━━━━━ Dataset records

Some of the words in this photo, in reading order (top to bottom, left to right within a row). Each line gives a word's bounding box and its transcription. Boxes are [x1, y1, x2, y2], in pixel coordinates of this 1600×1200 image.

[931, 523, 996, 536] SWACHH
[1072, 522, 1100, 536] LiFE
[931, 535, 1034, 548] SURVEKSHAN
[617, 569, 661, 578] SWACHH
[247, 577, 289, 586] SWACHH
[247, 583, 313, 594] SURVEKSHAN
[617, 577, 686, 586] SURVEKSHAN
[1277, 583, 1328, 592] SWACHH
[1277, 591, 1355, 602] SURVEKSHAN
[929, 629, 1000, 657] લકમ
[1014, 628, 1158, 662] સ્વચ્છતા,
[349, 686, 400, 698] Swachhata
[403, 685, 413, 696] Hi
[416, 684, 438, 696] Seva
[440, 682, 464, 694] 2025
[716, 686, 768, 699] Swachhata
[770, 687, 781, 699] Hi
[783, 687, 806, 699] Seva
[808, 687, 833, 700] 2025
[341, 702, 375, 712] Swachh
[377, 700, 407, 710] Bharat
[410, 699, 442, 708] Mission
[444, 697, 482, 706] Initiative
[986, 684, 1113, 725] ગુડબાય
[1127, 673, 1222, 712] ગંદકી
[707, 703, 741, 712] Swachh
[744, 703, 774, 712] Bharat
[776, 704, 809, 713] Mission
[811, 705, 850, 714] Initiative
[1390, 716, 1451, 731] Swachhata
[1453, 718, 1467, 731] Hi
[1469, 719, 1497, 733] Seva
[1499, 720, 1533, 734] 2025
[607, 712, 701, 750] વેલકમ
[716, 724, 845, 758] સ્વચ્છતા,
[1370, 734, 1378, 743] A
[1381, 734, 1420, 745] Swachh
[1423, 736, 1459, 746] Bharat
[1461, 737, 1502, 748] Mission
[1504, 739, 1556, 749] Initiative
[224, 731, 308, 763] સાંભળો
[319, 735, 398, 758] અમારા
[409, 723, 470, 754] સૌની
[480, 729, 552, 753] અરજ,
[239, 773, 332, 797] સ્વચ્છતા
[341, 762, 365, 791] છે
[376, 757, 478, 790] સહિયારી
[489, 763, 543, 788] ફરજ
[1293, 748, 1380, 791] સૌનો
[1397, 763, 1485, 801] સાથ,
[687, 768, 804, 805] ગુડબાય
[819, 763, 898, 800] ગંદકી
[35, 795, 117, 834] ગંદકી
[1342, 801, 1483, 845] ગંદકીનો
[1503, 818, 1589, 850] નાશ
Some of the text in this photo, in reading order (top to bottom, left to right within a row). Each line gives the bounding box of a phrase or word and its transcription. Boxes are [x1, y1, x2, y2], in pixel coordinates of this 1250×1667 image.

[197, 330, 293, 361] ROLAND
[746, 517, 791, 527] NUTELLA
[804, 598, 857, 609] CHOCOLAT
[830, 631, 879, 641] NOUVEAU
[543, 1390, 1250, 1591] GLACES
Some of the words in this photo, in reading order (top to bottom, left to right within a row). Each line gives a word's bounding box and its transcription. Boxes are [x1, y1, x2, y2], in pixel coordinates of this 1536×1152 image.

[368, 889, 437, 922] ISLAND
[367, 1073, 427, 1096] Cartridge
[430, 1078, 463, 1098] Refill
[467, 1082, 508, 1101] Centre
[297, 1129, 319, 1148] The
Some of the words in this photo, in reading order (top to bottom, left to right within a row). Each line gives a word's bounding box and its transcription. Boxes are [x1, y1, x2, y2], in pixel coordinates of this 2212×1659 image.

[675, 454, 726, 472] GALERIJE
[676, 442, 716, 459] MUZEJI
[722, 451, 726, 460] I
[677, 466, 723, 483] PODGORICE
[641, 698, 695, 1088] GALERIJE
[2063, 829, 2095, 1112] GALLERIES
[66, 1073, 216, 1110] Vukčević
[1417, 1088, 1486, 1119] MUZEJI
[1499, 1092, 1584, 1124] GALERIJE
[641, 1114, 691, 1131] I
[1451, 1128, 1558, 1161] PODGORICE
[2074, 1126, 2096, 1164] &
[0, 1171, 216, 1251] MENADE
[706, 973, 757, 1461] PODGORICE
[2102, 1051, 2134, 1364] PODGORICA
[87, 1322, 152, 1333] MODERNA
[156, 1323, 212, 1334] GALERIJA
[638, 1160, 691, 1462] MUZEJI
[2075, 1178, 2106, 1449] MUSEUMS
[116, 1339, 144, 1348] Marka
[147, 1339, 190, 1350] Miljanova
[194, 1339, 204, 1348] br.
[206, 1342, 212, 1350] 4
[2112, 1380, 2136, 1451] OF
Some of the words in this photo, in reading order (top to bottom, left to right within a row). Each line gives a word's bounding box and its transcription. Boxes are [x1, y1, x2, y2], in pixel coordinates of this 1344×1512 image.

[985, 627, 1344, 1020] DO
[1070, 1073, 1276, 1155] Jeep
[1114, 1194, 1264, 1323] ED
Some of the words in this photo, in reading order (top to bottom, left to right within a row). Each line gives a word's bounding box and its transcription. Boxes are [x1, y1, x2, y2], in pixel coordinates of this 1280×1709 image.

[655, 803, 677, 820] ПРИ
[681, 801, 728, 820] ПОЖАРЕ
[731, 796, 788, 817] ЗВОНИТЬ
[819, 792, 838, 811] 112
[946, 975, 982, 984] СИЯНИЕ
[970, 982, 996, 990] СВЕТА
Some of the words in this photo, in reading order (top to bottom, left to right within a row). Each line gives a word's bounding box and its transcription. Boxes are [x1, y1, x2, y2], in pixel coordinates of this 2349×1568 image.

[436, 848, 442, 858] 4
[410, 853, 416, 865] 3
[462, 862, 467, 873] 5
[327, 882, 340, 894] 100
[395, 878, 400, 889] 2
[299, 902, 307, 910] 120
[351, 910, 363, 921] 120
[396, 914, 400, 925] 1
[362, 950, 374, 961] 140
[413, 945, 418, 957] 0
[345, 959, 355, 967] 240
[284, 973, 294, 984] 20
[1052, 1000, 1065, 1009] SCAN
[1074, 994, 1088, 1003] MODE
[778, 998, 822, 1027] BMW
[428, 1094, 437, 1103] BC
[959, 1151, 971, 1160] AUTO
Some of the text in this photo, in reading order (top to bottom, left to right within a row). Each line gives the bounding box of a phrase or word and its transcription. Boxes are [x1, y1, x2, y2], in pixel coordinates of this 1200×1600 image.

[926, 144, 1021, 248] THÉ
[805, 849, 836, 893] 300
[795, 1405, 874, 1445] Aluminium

━━━━━━━━━━

> **Description of the task**: Every record is to be retyped exactly as given.

> **Solution**:
Some of the words in this photo, in reading order (top to bottom, left to right within a row). Each line gives a word's bounding box and its transcription. Boxes are [x1, y1, x2, y2], in pixel coordinates of this 1600×1200 image.

[931, 523, 996, 536] SWACHH
[1072, 522, 1100, 536] LiFE
[931, 535, 1034, 548] SURVEKSHAN
[617, 569, 661, 578] SWACHH
[247, 577, 289, 586] SWACHH
[247, 583, 313, 594] SURVEKSHAN
[617, 577, 686, 586] SURVEKSHAN
[1277, 583, 1328, 592] SWACHH
[1277, 591, 1355, 602] SURVEKSHAN
[929, 629, 1000, 657] લકમ
[1014, 628, 1158, 662] સ્વચ્છતા,
[349, 686, 400, 698] Swachhata
[403, 685, 413, 696] Hi
[416, 684, 438, 696] Seva
[440, 682, 464, 694] 2025
[716, 686, 768, 699] Swachhata
[770, 687, 781, 699] Hi
[783, 687, 806, 699] Seva
[808, 687, 833, 700] 2025
[341, 702, 375, 712] Swachh
[377, 700, 407, 710] Bharat
[410, 699, 442, 708] Mission
[444, 697, 482, 706] Initiative
[986, 684, 1113, 725] ગુડબાય
[1127, 673, 1222, 712] ગંદકી
[707, 703, 741, 712] Swachh
[744, 703, 774, 712] Bharat
[776, 704, 809, 713] Mission
[811, 705, 850, 714] Initiative
[1390, 716, 1451, 731] Swachhata
[1453, 718, 1467, 731] Hi
[1469, 719, 1497, 733] Seva
[1499, 720, 1533, 734] 2025
[607, 712, 701, 750] વેલકમ
[716, 724, 845, 758] સ્વચ્છતા,
[1370, 734, 1378, 743] A
[1381, 734, 1420, 745] Swachh
[1423, 736, 1459, 746] Bharat
[1461, 737, 1502, 748] Mission
[1504, 739, 1556, 749] Initiative
[224, 731, 308, 763] સાંભળો
[319, 735, 398, 758] અમારા
[409, 723, 470, 754] સૌની
[480, 729, 552, 753] અરજ,
[239, 773, 332, 797] સ્વચ્છતા
[341, 762, 365, 791] છે
[376, 757, 478, 790] સહિયારી
[489, 763, 543, 788] ફરજ
[1293, 748, 1380, 791] સૌનો
[1397, 763, 1485, 801] સાથ,
[687, 768, 804, 805] ગુડબાય
[819, 763, 898, 800] ગંદકી
[35, 795, 117, 834] ગંદકી
[1342, 801, 1483, 845] ગંદકીનો
[1503, 818, 1589, 850] નાશ
Some of the text in this photo, in reading order (top to bottom, left to right within a row). Each line gives the bounding box of a phrase or word and its transcription. Boxes are [x1, y1, x2, y2], in pixel coordinates of this 1250×1667 image.

[197, 330, 293, 361] ROLAND
[746, 517, 791, 527] NUTELLA
[804, 598, 857, 609] CHOCOLAT
[830, 631, 879, 641] NOUVEAU
[543, 1390, 1250, 1591] GLACES
Some of the words in this photo, in reading order (top to bottom, left to right within a row). Each line gives a word's bounding box and its transcription. Boxes are [x1, y1, x2, y2], in pixel coordinates of this 1536×1152 image.

[368, 889, 437, 922] ISLAND
[367, 1073, 427, 1096] Cartridge
[430, 1078, 463, 1098] Refill
[467, 1082, 508, 1101] Centre
[297, 1129, 319, 1148] The
Some of the words in this photo, in reading order (top to bottom, left to right within a row). Each line gives a word's bounding box and its transcription. Boxes are [x1, y1, x2, y2], in pixel coordinates of this 2212×1659 image.

[675, 454, 726, 472] GALERIJE
[676, 442, 716, 459] MUZEJI
[722, 451, 726, 460] I
[677, 466, 723, 483] PODGORICE
[641, 698, 695, 1088] GALERIJE
[2063, 829, 2095, 1112] GALLERIES
[66, 1073, 216, 1110] Vukčević
[1417, 1088, 1486, 1119] MUZEJI
[1499, 1092, 1584, 1124] GALERIJE
[641, 1114, 691, 1131] I
[1451, 1128, 1558, 1161] PODGORICE
[2074, 1126, 2096, 1164] &
[0, 1171, 216, 1251] MENADE
[706, 973, 757, 1461] PODGORICE
[2102, 1051, 2134, 1364] PODGORICA
[87, 1322, 152, 1333] MODERNA
[156, 1323, 212, 1334] GALERIJA
[638, 1160, 691, 1462] MUZEJI
[2075, 1178, 2106, 1449] MUSEUMS
[116, 1339, 144, 1348] Marka
[147, 1339, 190, 1350] Miljanova
[194, 1339, 204, 1348] br.
[206, 1342, 212, 1350] 4
[2112, 1380, 2136, 1451] OF
Some of the words in this photo, in reading order (top to bottom, left to right within a row). Each line gives a word's bounding box and its transcription. Boxes are [x1, y1, x2, y2], in pixel coordinates of this 1344×1512 image.

[985, 627, 1344, 1020] DO
[1070, 1073, 1276, 1155] Jeep
[1114, 1194, 1264, 1323] ED
Some of the words in this photo, in reading order (top to bottom, left to right within a row). Each line gives a word's bounding box and its transcription. Boxes are [x1, y1, x2, y2], in pixel coordinates of this 1280×1709 image.

[655, 803, 677, 820] ПРИ
[681, 801, 728, 820] ПОЖАРЕ
[731, 796, 788, 817] ЗВОНИТЬ
[819, 792, 838, 811] 112
[946, 975, 982, 984] СИЯНИЕ
[970, 982, 996, 990] СВЕТА
Some of the words in this photo, in reading order (top to bottom, left to right within a row). Each line gives a word's bounding box and its transcription. Boxes are [x1, y1, x2, y2], in pixel coordinates of this 2349×1568 image.

[436, 848, 442, 858] 4
[410, 853, 416, 865] 3
[462, 862, 467, 873] 5
[327, 882, 340, 894] 100
[395, 878, 400, 889] 2
[299, 902, 307, 910] 120
[351, 910, 363, 921] 120
[396, 914, 400, 925] 1
[362, 950, 374, 961] 140
[413, 945, 418, 957] 0
[345, 959, 355, 967] 240
[284, 973, 294, 984] 20
[1052, 1000, 1065, 1009] SCAN
[1074, 994, 1088, 1003] MODE
[778, 998, 822, 1027] BMW
[428, 1094, 437, 1103] BC
[959, 1151, 971, 1160] AUTO
Some of the text in this photo, in reading order (top to bottom, left to right within a row). Each line gives the bounding box of a phrase or word and its transcription. Boxes are [x1, y1, x2, y2], in pixel coordinates of this 1200×1600 image.

[926, 144, 1021, 248] THÉ
[805, 849, 836, 893] 300
[795, 1405, 874, 1445] Aluminium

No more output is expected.